The traffic of computer networks travels through networks in the form of data packets, which have specific headers that contain the source and destination address. Based on the networking topology, backbone devices create routing tables to accomplish traffic forwarding of each packet from its source to their destination. Inside each and every device that participates in packet forwarding, this routing table contains all the necessary information, from which the source-destination mapping can be made. The size of this Forwarding Information Base (FIB) exceeds the order of 500 thousand entries in today’s core network routers. The FIB is being accessed upon every forwarded IP packet, which could require 20 million lookups every second. This structure is widely used by ISP’s backbone network devices and most software routers, particularly the ones that use Linux as their Operating Systems.
Fast and efficient data structure is not easy to find for this task; literature dated back to 1968 was the first, which addressed this. Ever since several proposals and their implementation have been made; such as tree-like Leaf-Pushed Binary Tries, Hashing Schemes, Path- and Level-compression algorithms and Trie Folding optimization. In this Master’s thesis I got acquainted with their construction and their properties. The introduction of these data structures are followed by the in depth presentation of the one currently implemented in the networking of Linux Kernel.

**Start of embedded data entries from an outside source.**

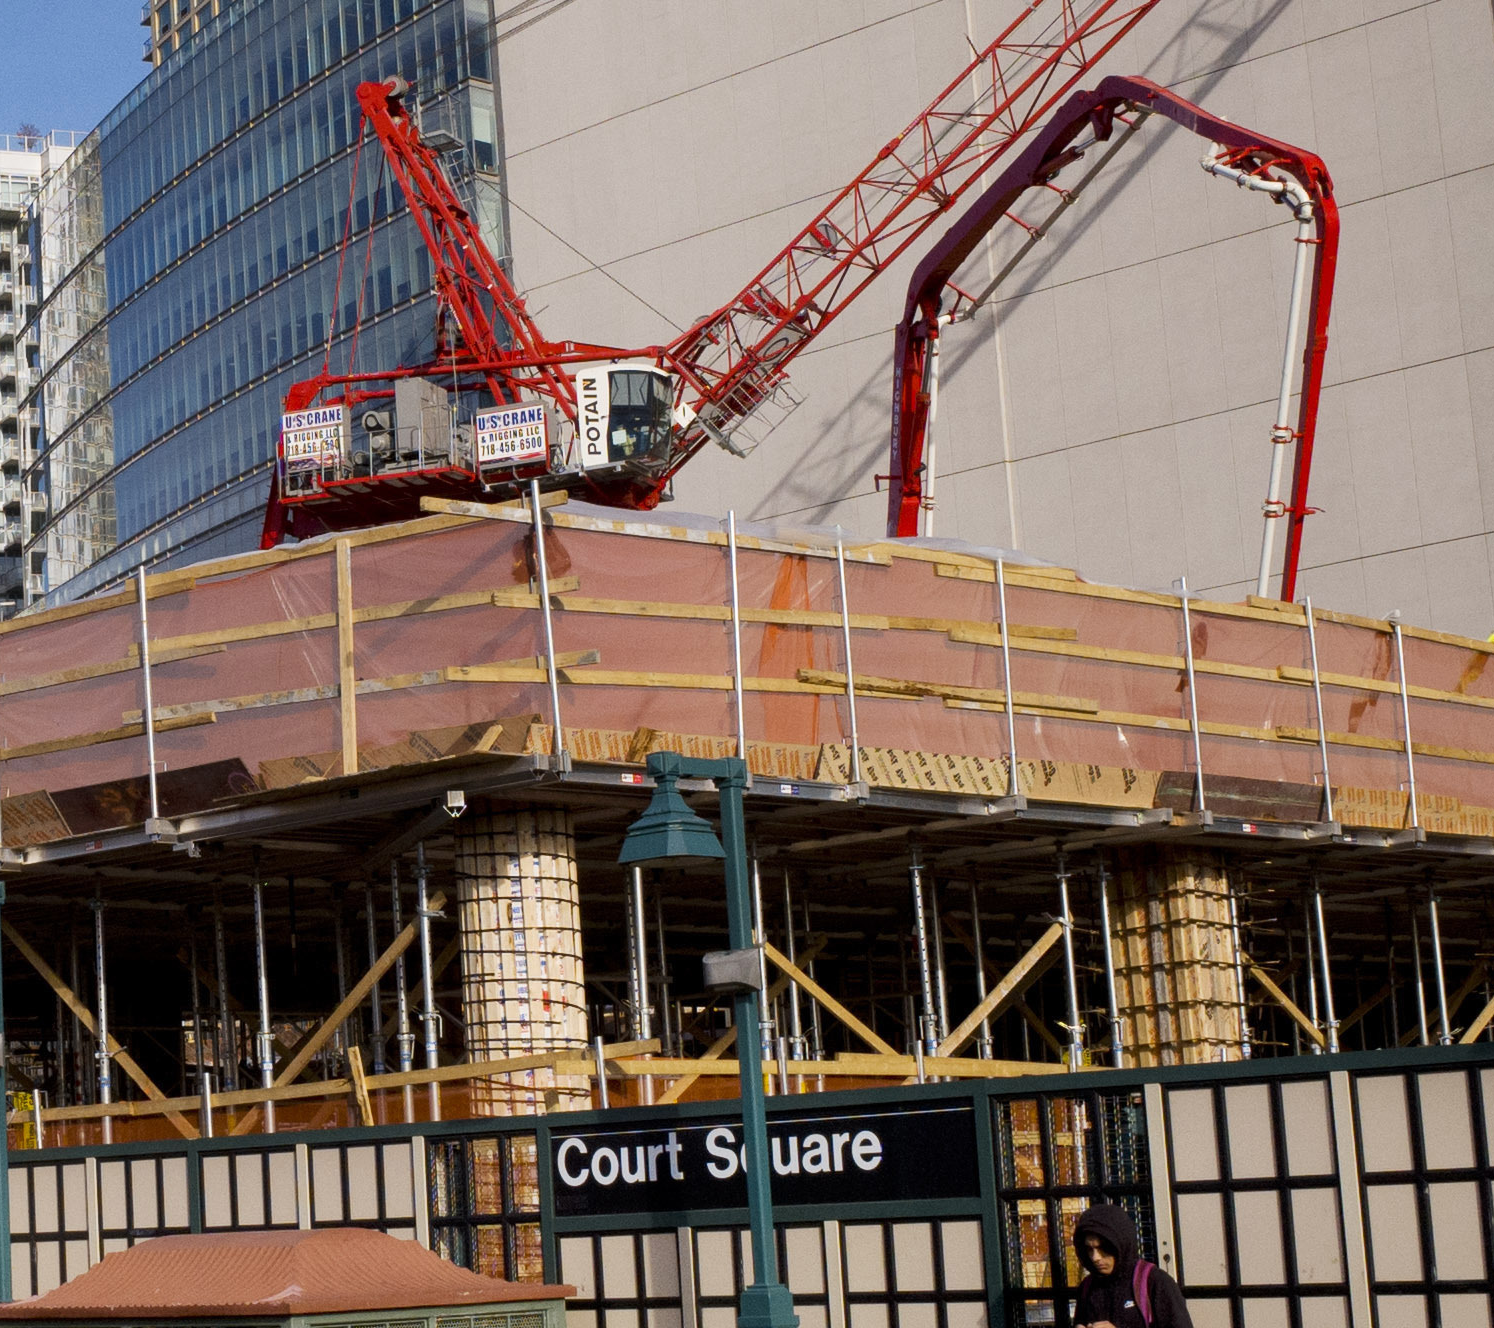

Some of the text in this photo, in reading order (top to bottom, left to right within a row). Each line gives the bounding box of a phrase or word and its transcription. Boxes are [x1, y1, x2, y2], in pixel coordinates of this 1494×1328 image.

[307, 408, 341, 426] CRANE
[503, 407, 543, 426] CRANE
[582, 377, 602, 456] POTAIN
[892, 367, 902, 460] HIGHBURY
[294, 430, 324, 443] RIGGING
[489, 429, 524, 443] RIGGING
[526, 426, 540, 437] LLC
[481, 436, 542, 457] 718-456-6500
[557, 1127, 883, 1187] Court Suare

I have defined and implemented generic serialization methods, which are capable to store one or many different types of arbitrarily chosen FIB data structures in a compressed form. Searching in these compressed representations is viable using their lookup functions. Using this approach I also evaluated and compared these data structures to each other and to the original one in the Linux implementation. The measurements were performed using a powerful software router running Linux Operating System and I examined their storage and processing efficiency by measuring memory usage, CPU instruction cycles and CPU cache-miss rate.
Based on the performance evaluation, I would recommend these algorithms and serialization formats, especially the Multibit Trie Folding for further use in Linux. The performance gain is already prominent and it could be developed to perform even better.